Former Paralympian gold medalist and now convicted murderer Oscar Pistorius will be sentenced early next month, Judge Thokozile Masipa said in the high court in Pretoria on Wednesday.
After hearing arguments in aggravation and in mitigation of sentence, Masipa told the packed courtroom that she would sentence Pistorius on July 6 for the murder of his girlfriend Reeva Steenkamp in 2013.
State prosecutor Gerrie Nel told the court earlier on Wednesday that a lengthy jail term was appropriate for the iconic and beleaguered athlete.
“In our conclusion, we argue that the minimum sentence of 15 years ought to be imposed. If however this court finds substantial and compelling circumstances that the court would feel justify a lesser sentence, we argue that a long term of imprisonment should be imposed,” said Nel.
“I’ve argued that 15 years imprisonment ought to be imposed, as a minimum. I don’t think the life of Reeva Steenkamp was minimum. The matter is so serious that I have taken everything that has been argued into account, but that still remains at 15 years.”
Nel told the court that Pistorius lacked any real remorse for killing Steenkamp.
“Real remorse would have been the accused taking the court into its confidence, telling the court why he fired those shots… so the court can accept that. We don’t have that,” Nel said.
He was referring to the fact that Pistorius refused to testify during sentencing proceedings.
Nel said the fact that the court was still “in the dark on why he fired the fatal shots” through the bathroom door of his Pretoria home in 2013, was a “significant aggravating factor”, adding that Pistorius’s decision not to explain himself “nullifies the accused’s remorse and contrition”.
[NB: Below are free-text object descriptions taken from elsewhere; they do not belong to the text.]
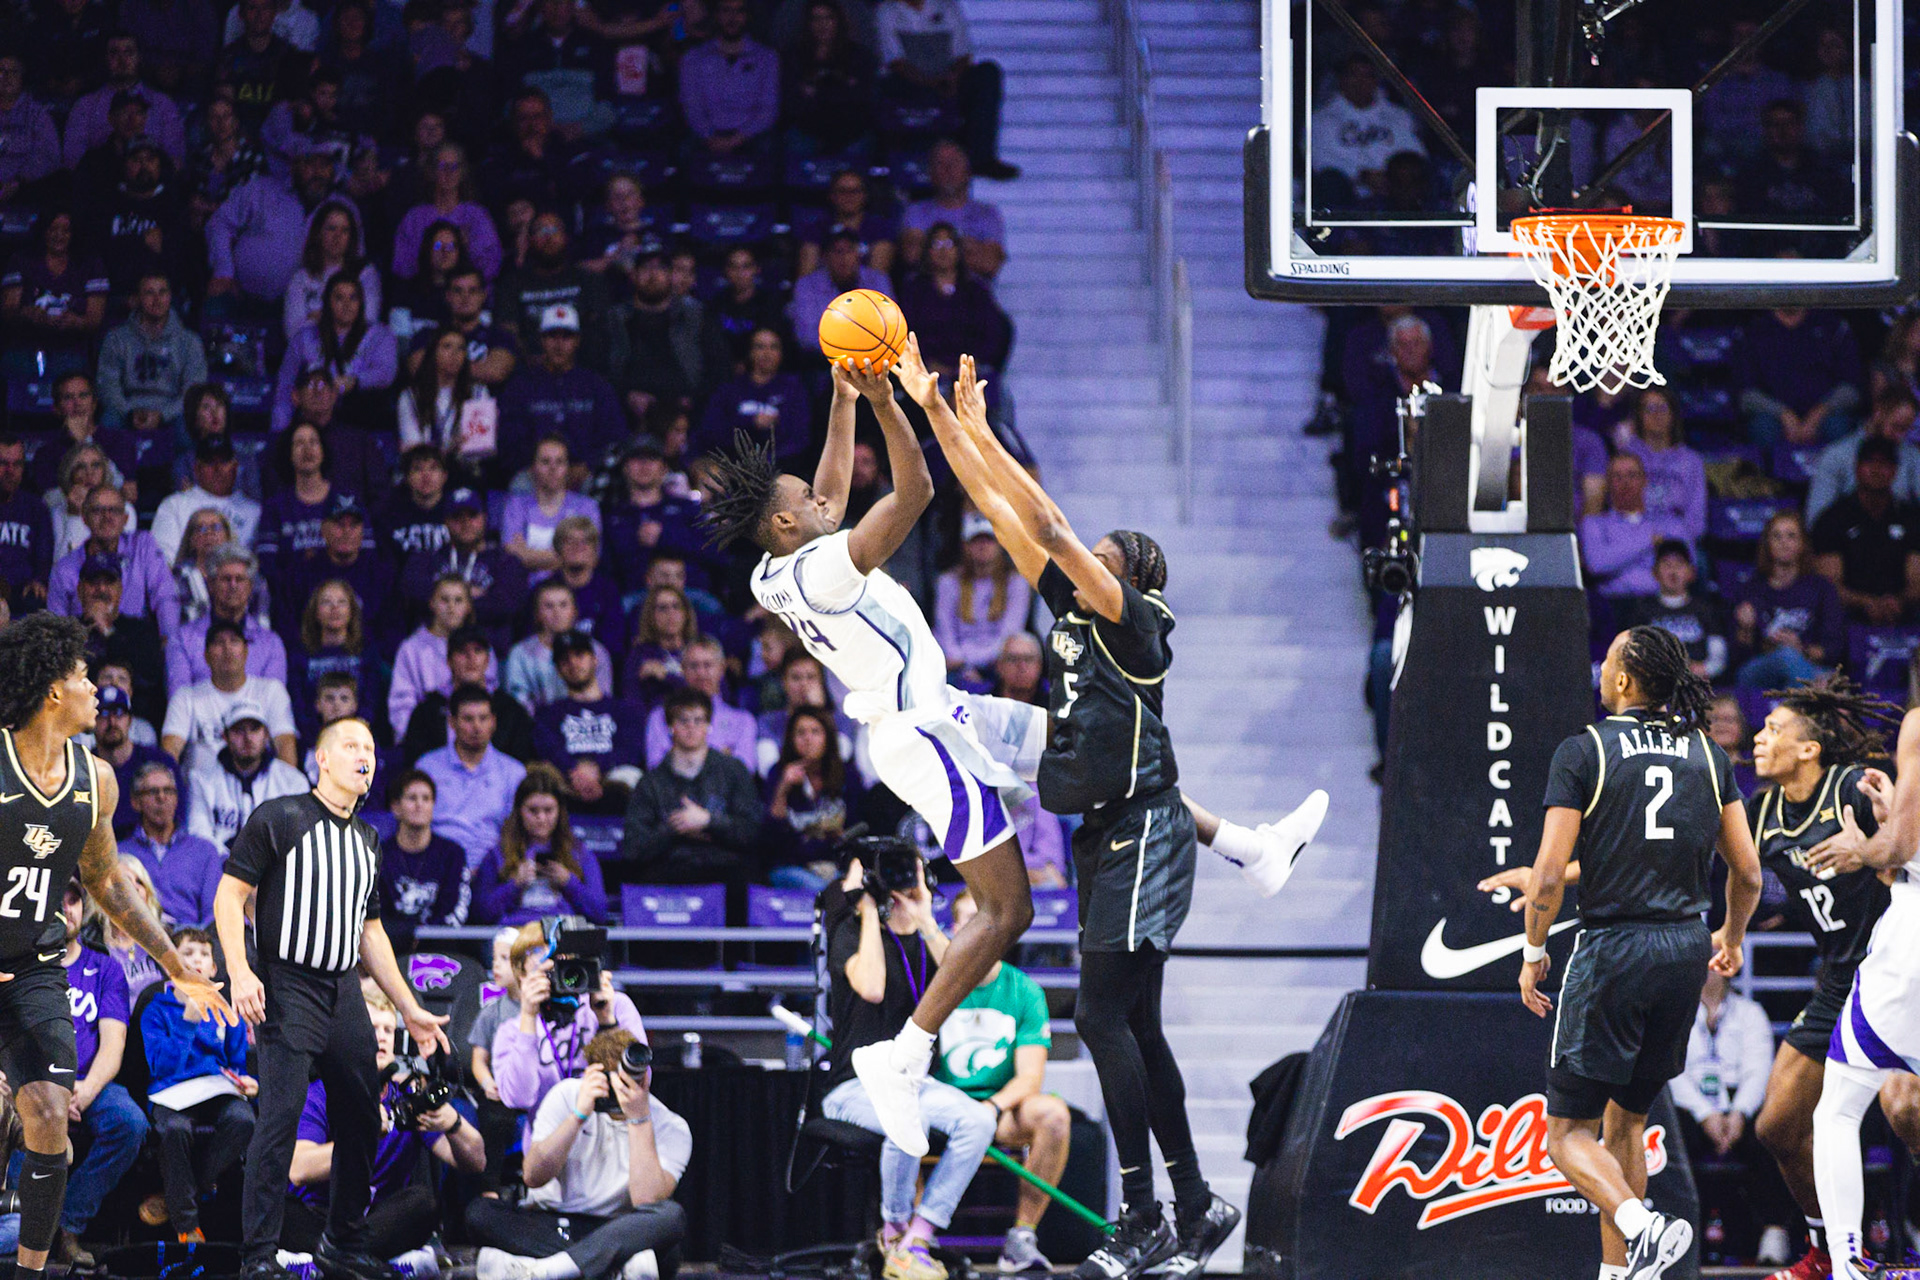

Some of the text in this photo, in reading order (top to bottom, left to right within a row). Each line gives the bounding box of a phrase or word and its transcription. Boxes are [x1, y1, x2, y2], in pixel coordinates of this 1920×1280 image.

[1291, 262, 1350, 277] SPALDING
[1052, 631, 1084, 667] UCF
[1057, 671, 1079, 719] 5
[1619, 728, 1690, 759] ALLEN
[1645, 765, 1674, 839] 2
[22, 823, 63, 860] UCF
[0, 866, 52, 922] 24
[1799, 884, 1847, 932] 12
“In fact, what the court has heard is that an accused elected to give an interview to the TV but not take this court into its confidence. That’s disrespectful to the court. It’s disrespectful to the victims of this crime. It’s disrespectful to the deceased,” Nel said, referring to an interview Pistorius granted British broadcaster ITV.
He said the interview was due to air next week.
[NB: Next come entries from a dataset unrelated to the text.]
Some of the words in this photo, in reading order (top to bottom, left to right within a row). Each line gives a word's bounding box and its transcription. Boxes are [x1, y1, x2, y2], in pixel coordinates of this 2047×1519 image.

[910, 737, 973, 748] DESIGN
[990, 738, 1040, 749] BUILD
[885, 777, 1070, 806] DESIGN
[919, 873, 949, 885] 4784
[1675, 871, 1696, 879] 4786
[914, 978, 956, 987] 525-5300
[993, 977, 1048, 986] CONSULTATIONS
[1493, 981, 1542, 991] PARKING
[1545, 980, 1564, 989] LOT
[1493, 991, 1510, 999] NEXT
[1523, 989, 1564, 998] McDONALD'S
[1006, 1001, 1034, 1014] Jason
In a bid to demonstrate Pistorius’s vulnerability to the court, the athlete’s counsel Barry Roux SC asked the double amputee to remove his prosthetic legs and walk towards him in the courtroom. Pistorius wept as he walked unsteadily and a woman helped him to balance himself. Later he leant against a desk, tears streaming from his face.
“It’s 3 o’clock in the morning. It’s dark. He’s on his stumps. That’s all common cause. He suffers from anxiety disorder. We know that the untested evidence [was] when he was on his stumps his balance was seriously compromised. On his own he would not have been able to defend himself,” Roux told the court, referring to Pistorius’s imputed state of mind when he fired his handgun and killed Steenkamp.
Roux argued that the events that unfolded in Pistorius’s Pretoria home in the early hours of Valentine’s Day in 2013 should be seen in the context of his disability.
“The time has come we must look… at least with unbiased eyes.”
Earlier Roux repeatedly referred to his client as a “broken person”, and argued that he had paid for his crime in pain and suffering.
But Nel poured scorn on this submission, telling the court that the true broken man was Steenkamp’s father Barry, who testified in aggravation of sentence on Tuesday. In his wrenching testimony, Steenkamp, a diabetic, told the court that at times he tried to injure himself when injecting insulin in an attempt to feel his daughter’s pain.
In 2014, Masipa found Pistorius guilty of culpable homicide and sentenced him to five years in jail. He was released under correctional supervision in October last year after serving a year of his sentence.
However, the Supreme Court of Appeal overturned the trial court’s decision in December last year, converting his conviction to murder, and ordered the trial court to impose a new sentence. – African News Agency (Edited by Michelle Solomon)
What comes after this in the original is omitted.